> [What needs to be done]:
Please retype only the lines below that run from the one containing "this 2353×1568 image." through the last line, both included, without altering a word.

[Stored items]
========

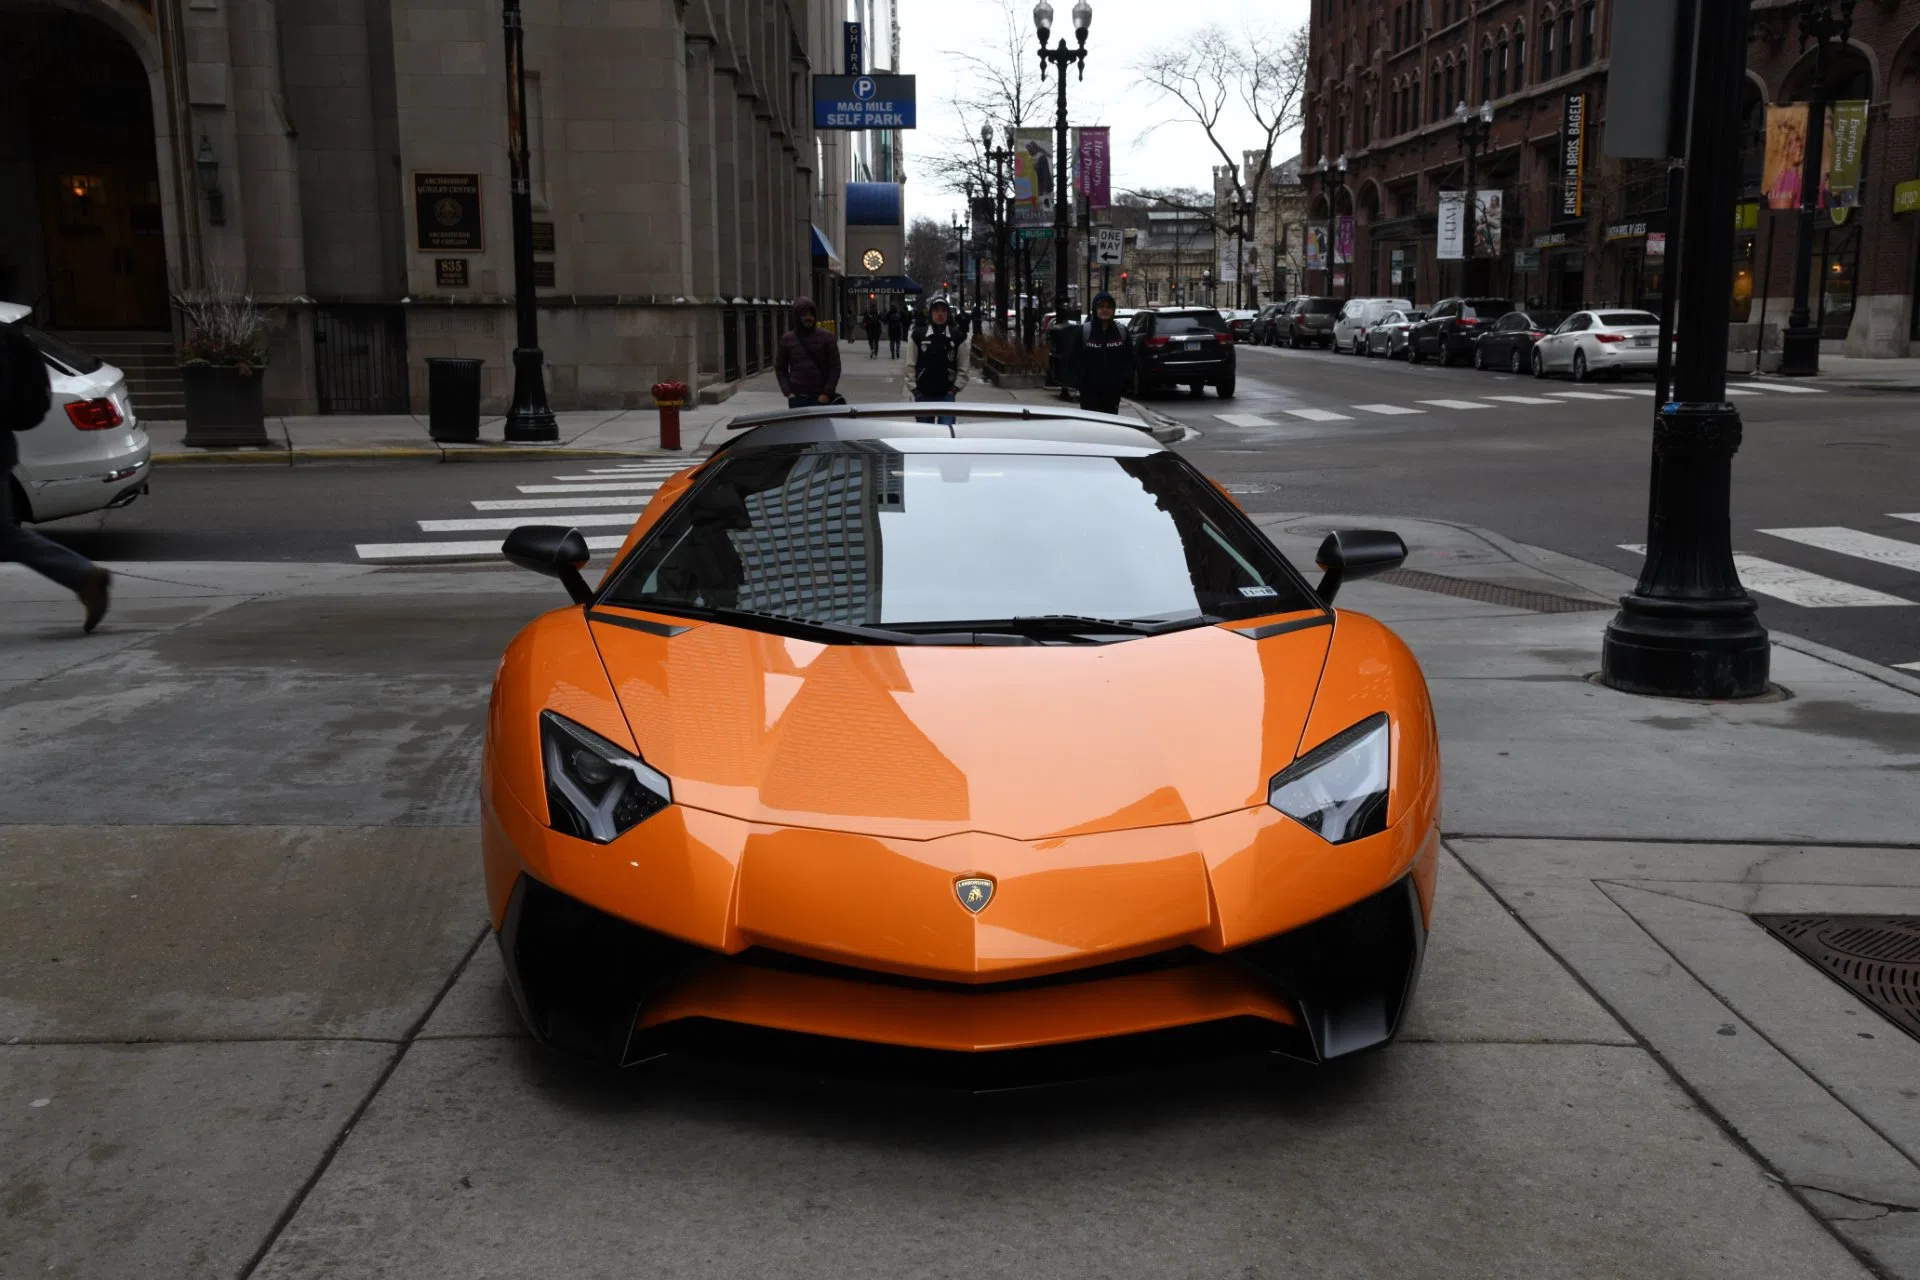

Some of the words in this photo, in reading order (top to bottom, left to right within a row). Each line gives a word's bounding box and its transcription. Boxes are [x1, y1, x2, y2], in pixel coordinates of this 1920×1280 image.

[859, 80, 871, 97] P
[837, 102, 862, 112] MAG
[866, 102, 893, 112] MILE
[827, 113, 862, 125] SELF
[865, 113, 903, 125] PARK
[1568, 96, 1581, 135] BAGELS
[1081, 140, 1092, 155] My
[1094, 140, 1103, 158] Her
[1834, 119, 1848, 172] Englewood
[1845, 118, 1860, 164] Everyday
[1564, 168, 1577, 215] EINSTEIN
[1101, 231, 1120, 240] ONE
[1100, 242, 1120, 250] WAY
[441, 261, 462, 272] 835
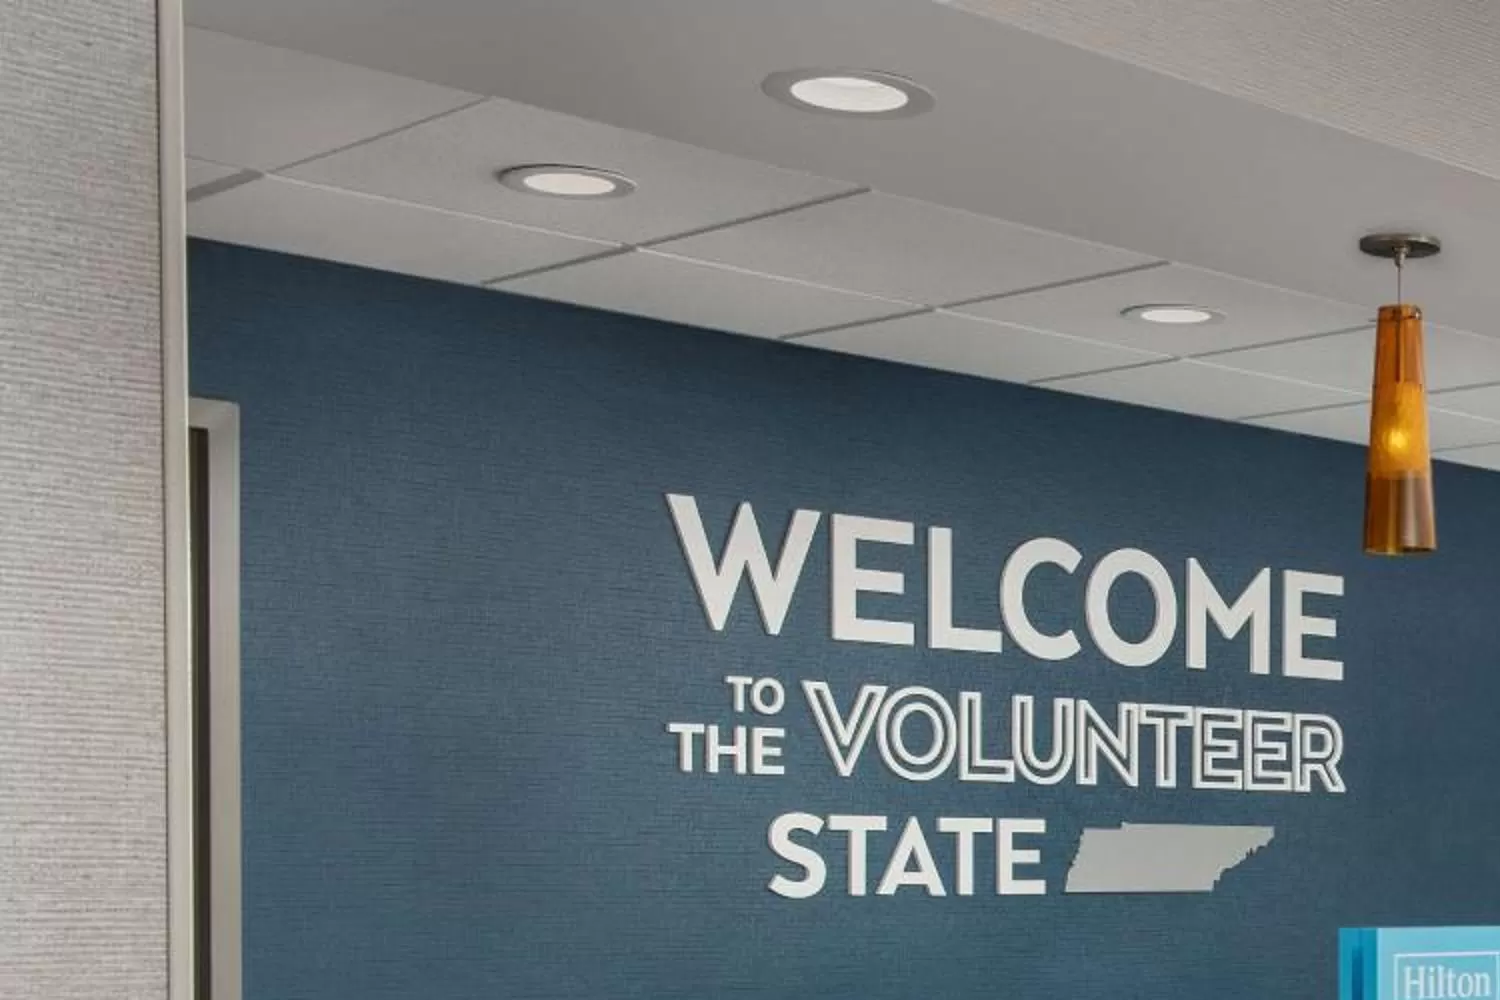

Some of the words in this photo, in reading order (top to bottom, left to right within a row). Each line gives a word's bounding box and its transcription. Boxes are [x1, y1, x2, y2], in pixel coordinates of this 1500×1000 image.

[665, 493, 1346, 682] WELCOME
[668, 722, 786, 775] THE
[801, 679, 1347, 793] VOLUNTEER
[725, 675, 785, 715] TO
[767, 811, 1047, 899] STATE
[1404, 964, 1492, 1000] Hilton
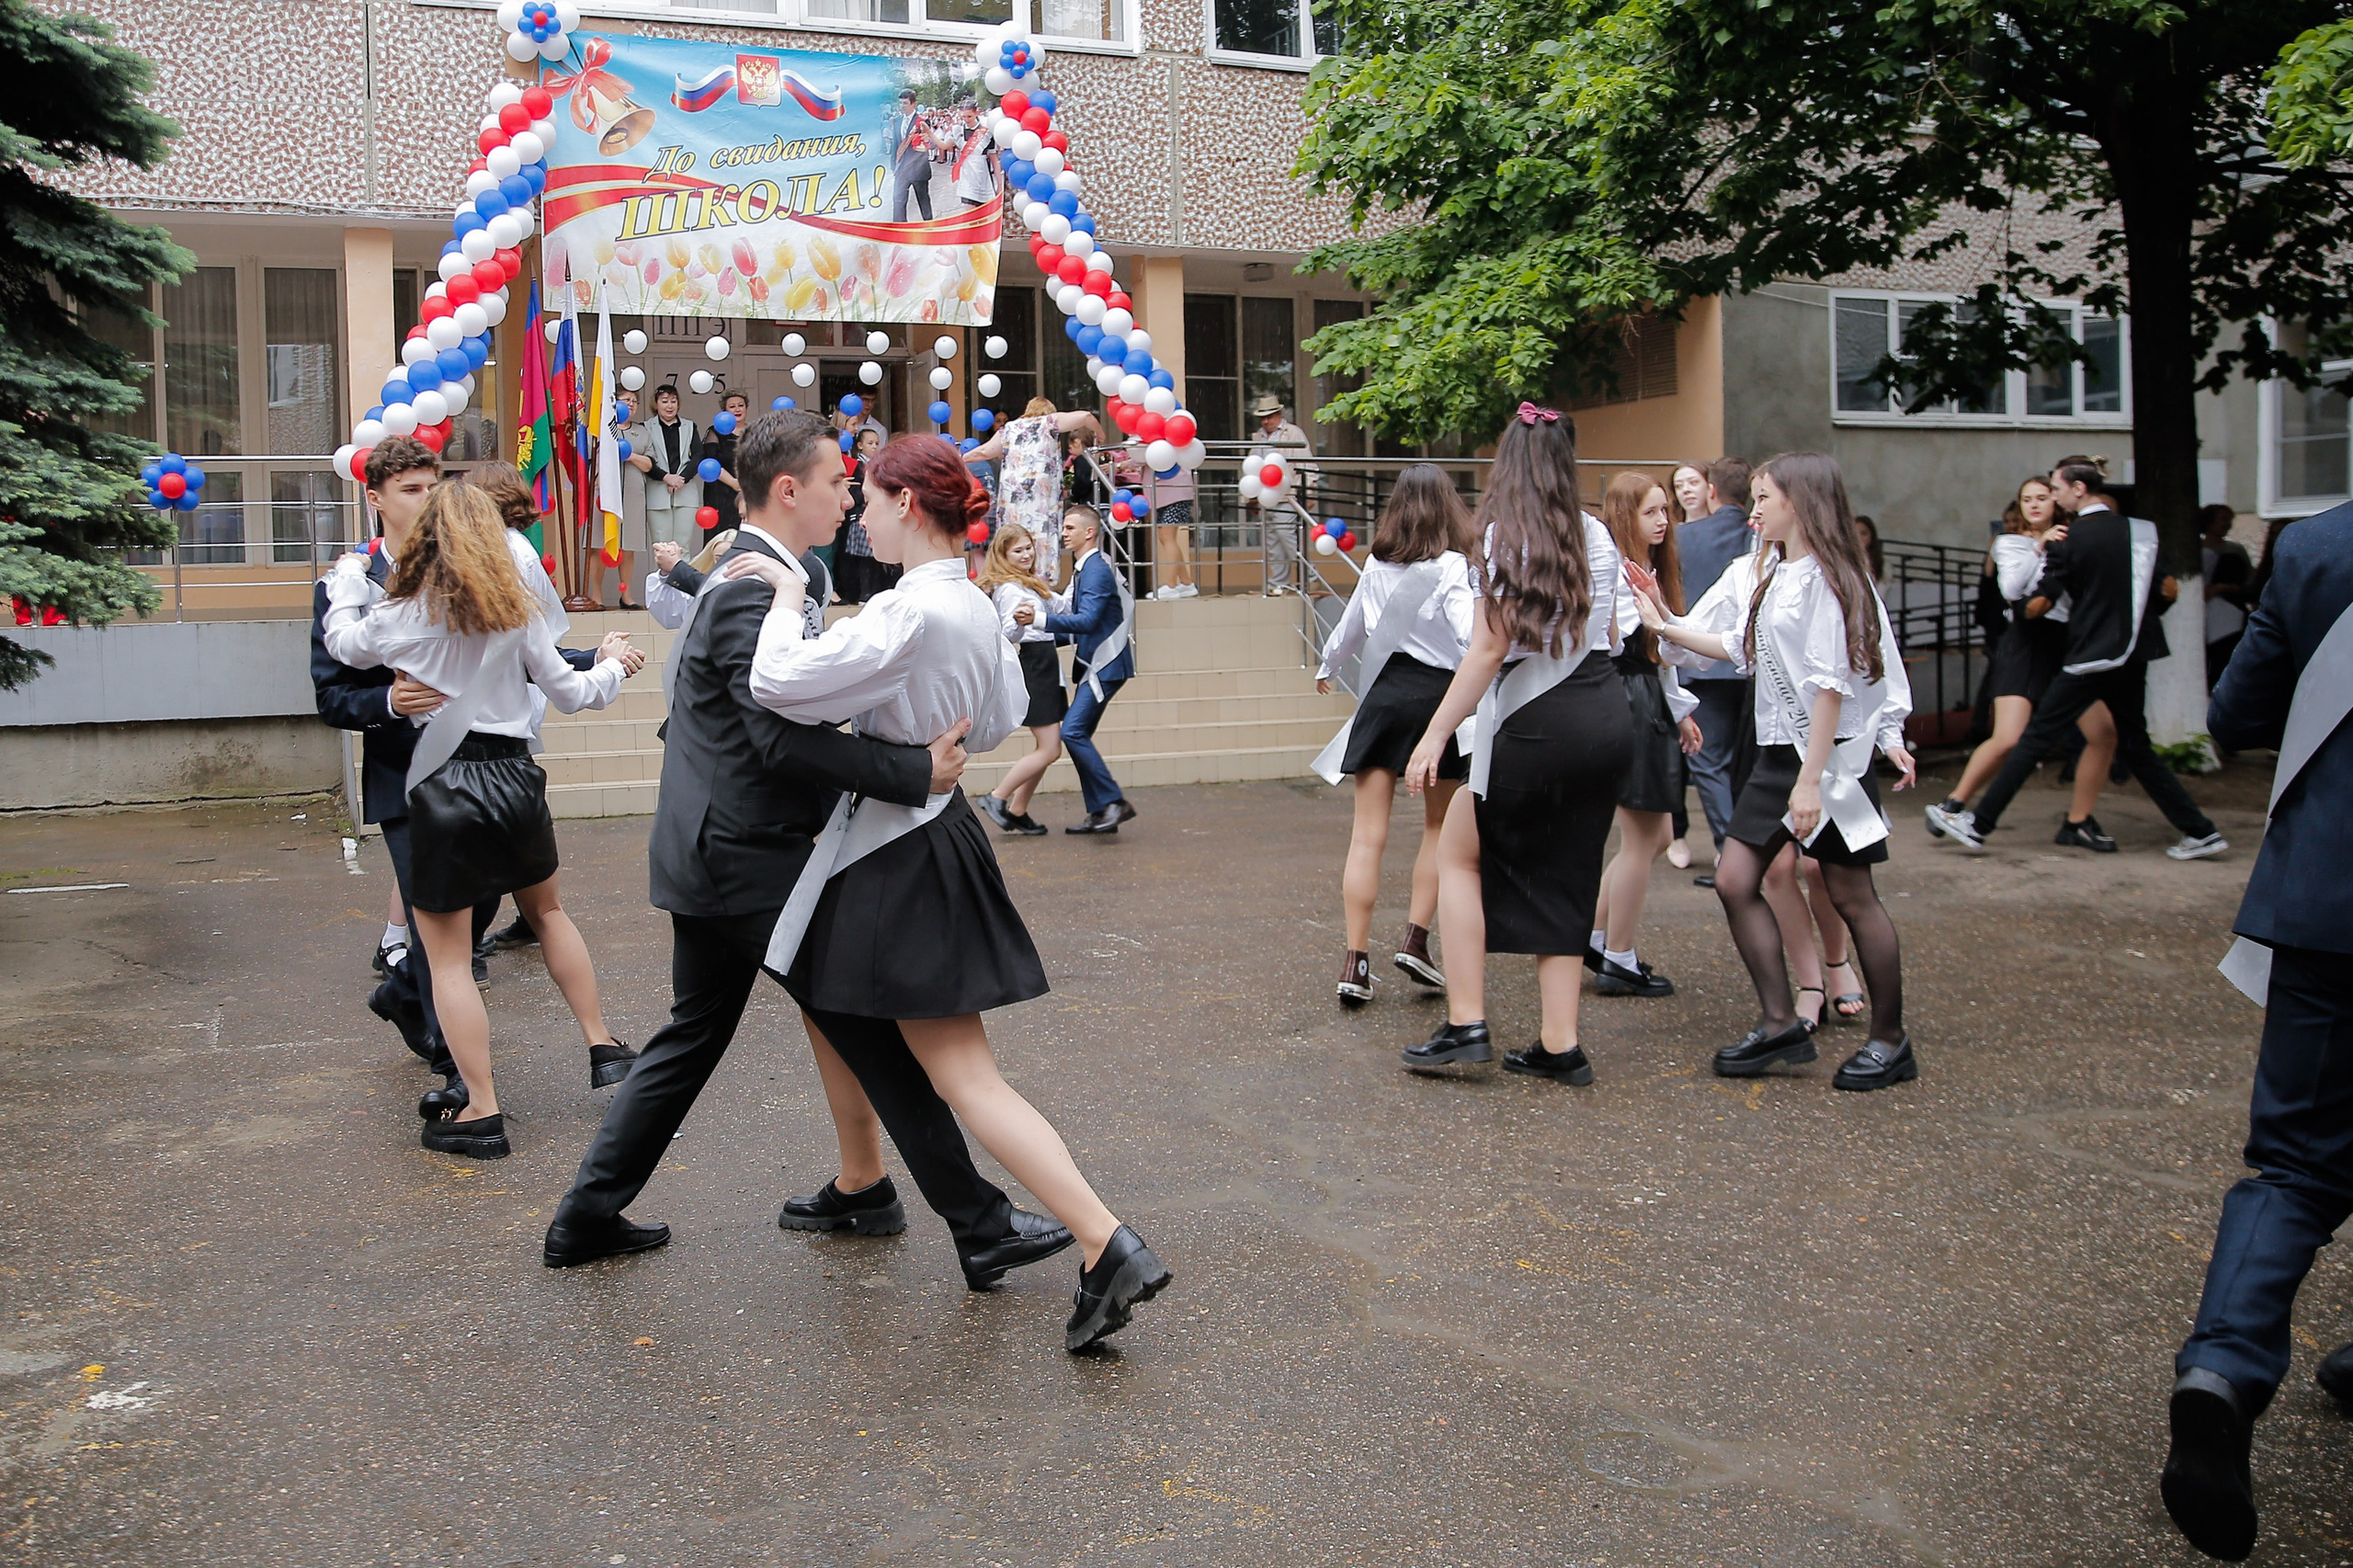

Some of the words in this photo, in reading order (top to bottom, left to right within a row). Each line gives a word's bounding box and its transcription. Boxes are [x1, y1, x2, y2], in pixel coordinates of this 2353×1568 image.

[642, 144, 696, 183] До
[709, 133, 867, 169] свидания,
[615, 165, 886, 242] ШКОЛА!
[665, 373, 726, 394] 75
[1788, 708, 1811, 747] 202

========

> [Answer for the task]:
Some of the words in this photo, in reading order (top to bottom, left to right within a row). Each line gives a word's bounding box and its transcription. Boxes are [x1, y1, x2, y2], in pixel coordinates of this 2353×1568 image.

[642, 144, 696, 183] До
[709, 133, 867, 169] свидания,
[615, 165, 886, 242] ШКОЛА!
[665, 373, 726, 394] 75
[1788, 708, 1811, 747] 202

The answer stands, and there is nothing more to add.